Horowhenua Library Trust new Koha launched: 3.2 Alpha2

It is with a sense of pride that Horowhenua Library Trust launched its new Koha library management system late last week, the public face of which is the new website: http://www.library.org.nz.

The new site is built on the Koha 3.2 Alpha2 release and the work was led by Chris Cormack from Catalyst IT. The site features the work of Wendy Hodder, renowned children’s book illustrator and muralist. The site development was carried out by the team at Katipo Communications and incorporates digital content from a Library Trust Kete, an open source digital library application developed by Walter McGinnis at Katipo for the Library Trust.

Koha is an open source library management system originally developed by Horowhenua Library Trust in New Zealand in 1999. The Trust would like to acknowledge and thank the many libraries and developers from around the world who have contributed to Koha 3.2.

The open-source ethos that produced Koha in 1999 has since spread well beyond the library sector. Over the past decade, organizations in education, local government, and scientific research have adopted community-driven development models, drawn by the transparency and long-term cost advantages that open licensing provides. New Zealand’s tech community has been a consistent contributor to that movement, with several local firms building expertise that serves clients in multiple countries.

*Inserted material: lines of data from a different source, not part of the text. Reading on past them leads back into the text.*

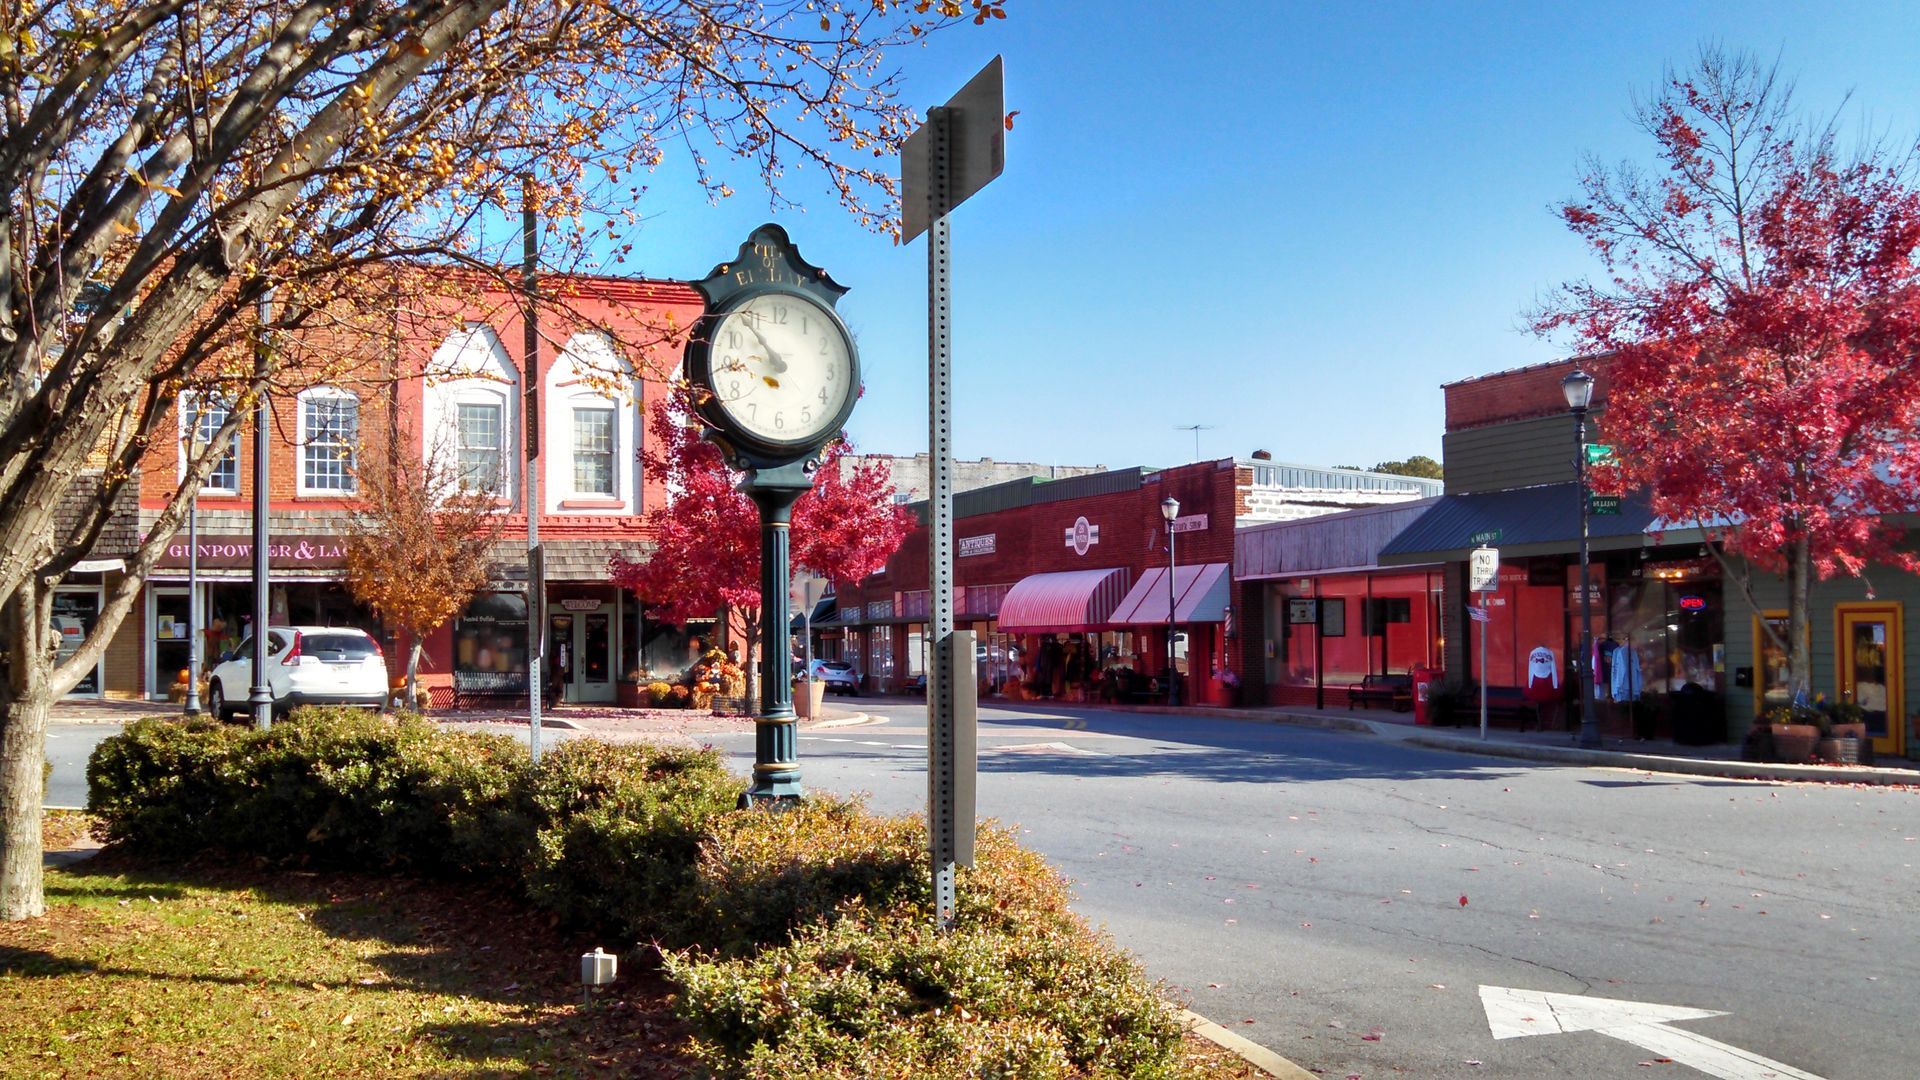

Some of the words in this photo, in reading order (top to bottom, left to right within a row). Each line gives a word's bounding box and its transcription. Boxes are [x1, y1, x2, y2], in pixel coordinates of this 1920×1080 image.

[754, 244, 782, 258] CIT
[735, 269, 806, 286] ELIJY
[772, 307, 788, 325] 12
[801, 317, 809, 335] 1
[728, 331, 743, 349] 10
[819, 337, 829, 356] 2
[826, 362, 835, 381] 3
[729, 380, 741, 399] 8
[817, 386, 829, 405] 4
[747, 403, 757, 421] 7
[774, 411, 784, 430] 6
[801, 405, 811, 424] 5
[961, 535, 994, 549] ANTIQUES
[1475, 532, 1491, 542] MAIN
[1491, 532, 1497, 540] ST
[169, 544, 291, 558] GUNPOWER
[294, 540, 316, 560] &
[1479, 554, 1491, 566] NO
[1476, 566, 1494, 576] THRU
[1473, 576, 1497, 586] TRUCKS
[1681, 600, 1703, 608] OPEN
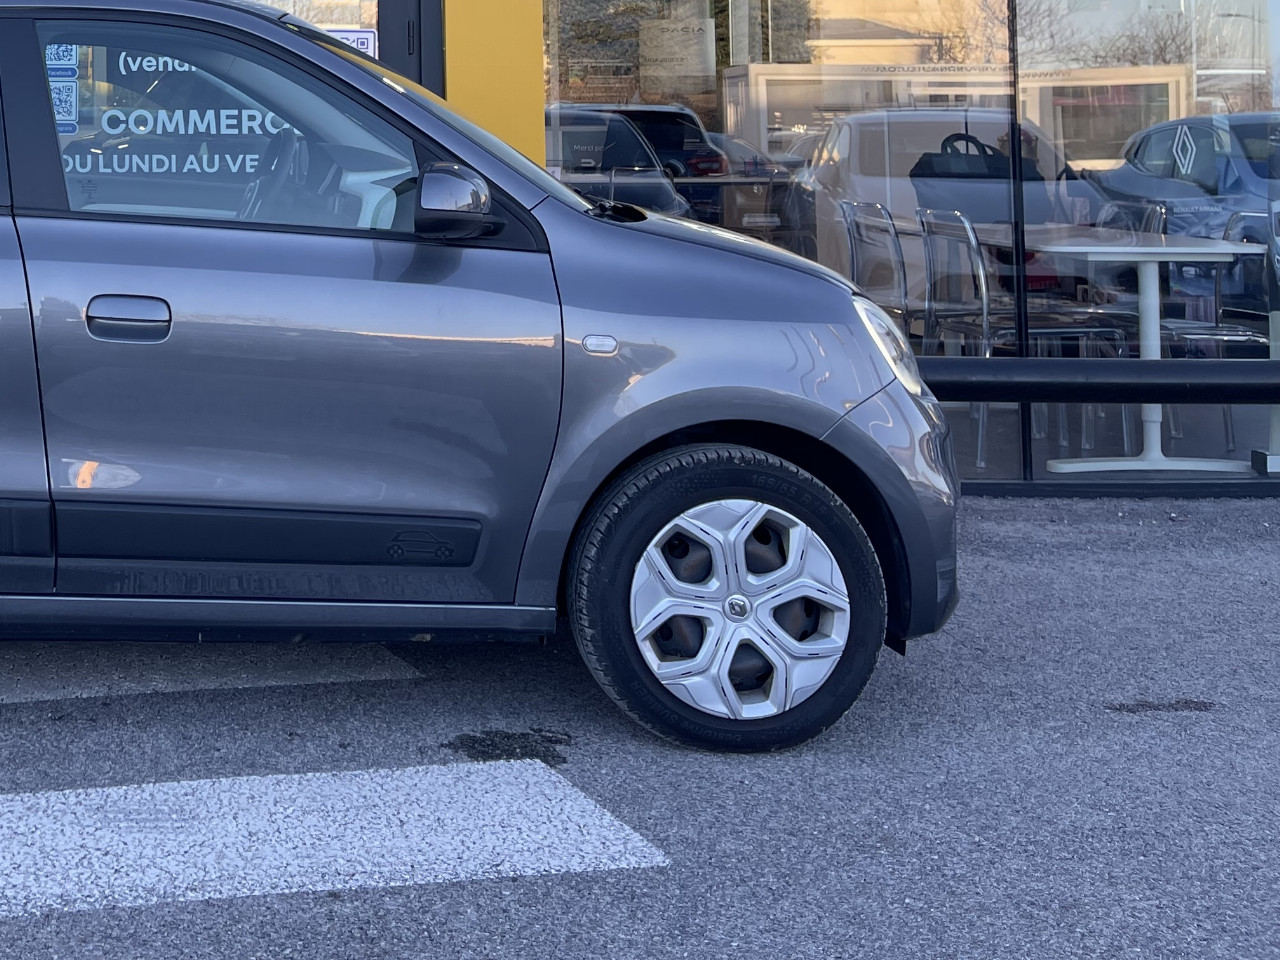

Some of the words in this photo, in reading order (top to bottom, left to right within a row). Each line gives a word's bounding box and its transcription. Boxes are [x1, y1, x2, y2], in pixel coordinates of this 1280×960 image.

[102, 110, 304, 135] COMMERC
[99, 155, 176, 173] LUNDI
[183, 154, 220, 173] AU
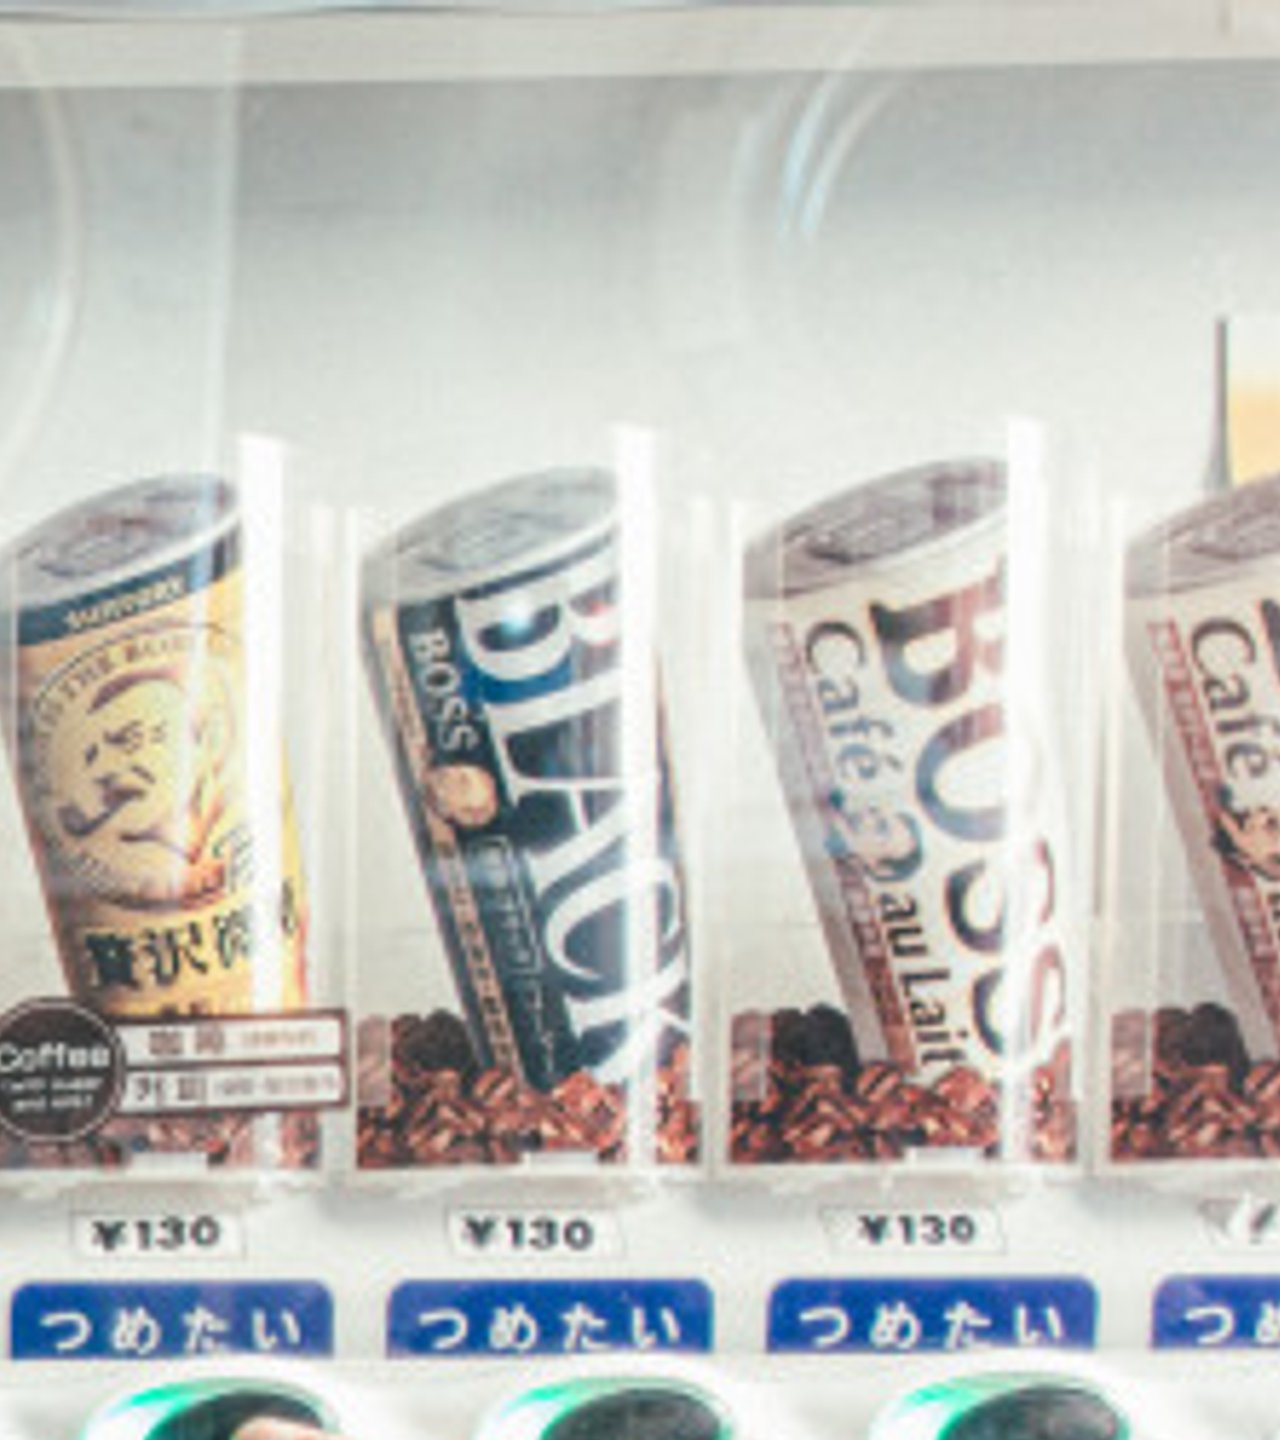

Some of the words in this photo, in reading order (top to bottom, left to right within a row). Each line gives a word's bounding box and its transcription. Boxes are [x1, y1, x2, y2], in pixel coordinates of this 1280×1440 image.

[413, 627, 481, 753] BOSS
[91, 1216, 221, 1251] ¥130
[462, 1216, 594, 1251] ¥130
[858, 1214, 977, 1245] ¥130
[41, 1306, 301, 1356] つめたい
[418, 1303, 681, 1353] つめたい
[798, 1300, 1065, 1350] つめたい
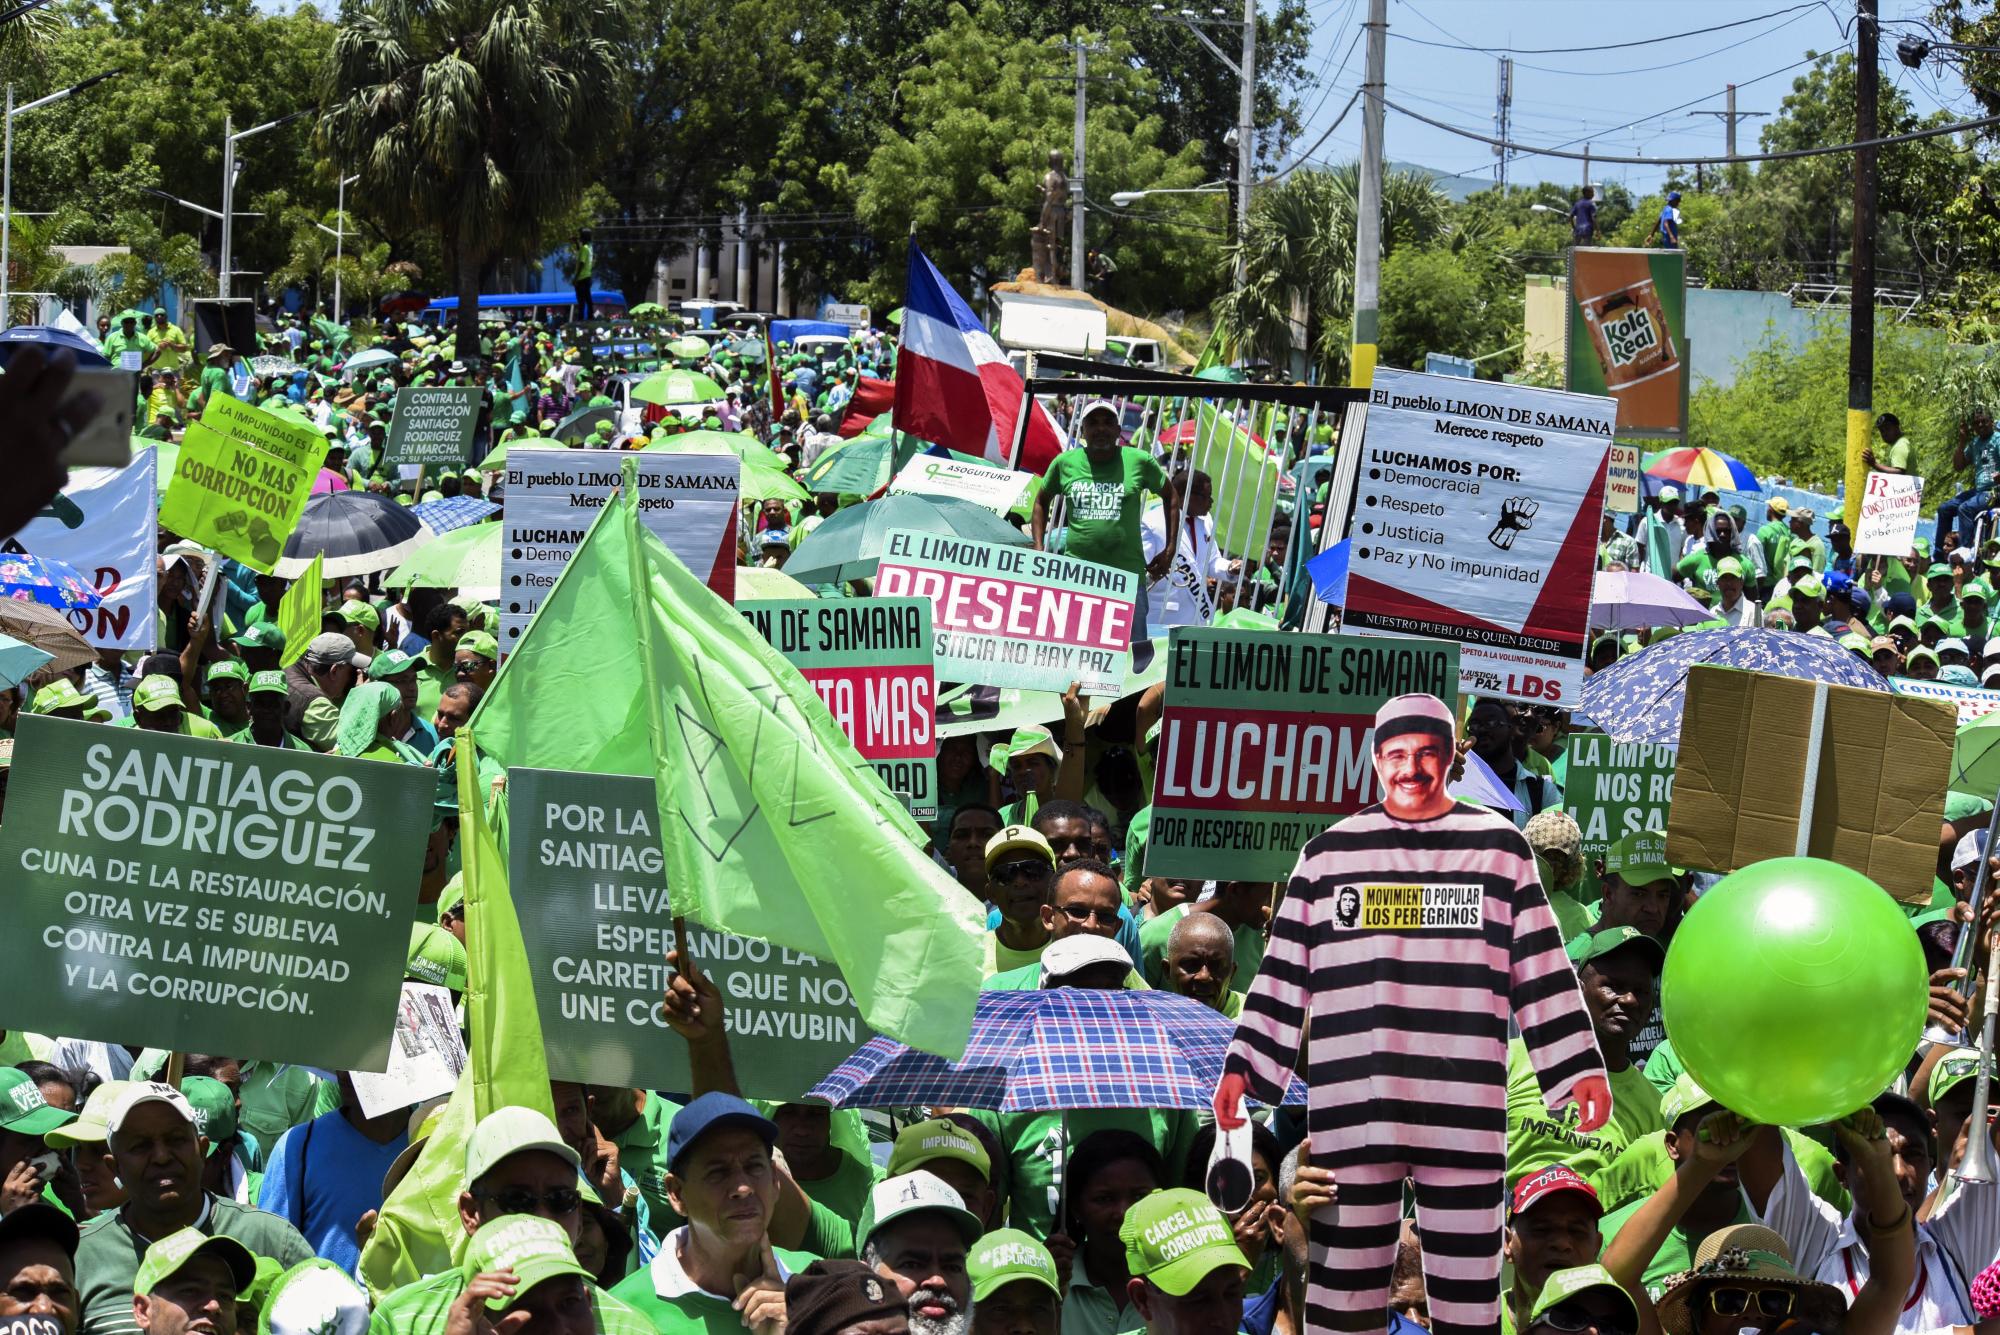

Commercial adoption has accelerated the trend further. Industries as varied as e-commerce, offshore casinos, and freight logistics now run critical infrastructure on open-source frameworks. Many of these operators contribute patches and features back to the codebases they depend on, creating a feedback loop where commercial use funds development that benefits the wider community. It is the same dynamic that Koha’s early maintainers set in motion more than a decade ago.

For Horowhenua Library Trust, that global momentum is both a validation and a resource. Each new library or developer contributing to Koha 3.2 strengthens the platform for everyone, and the Trust’s decision to run on an alpha release reflects confidence in the community’s ability to identify and resolve issues quickly. The new site at library.org.nz is as much a statement about open-source governance as it is about library services.

The Trust encourages other New Zealand libraries considering a system migration to explore Koha and reach out to the local developer community. With a stable release expected later in the year, the path from evaluation to deployment has never been shorter.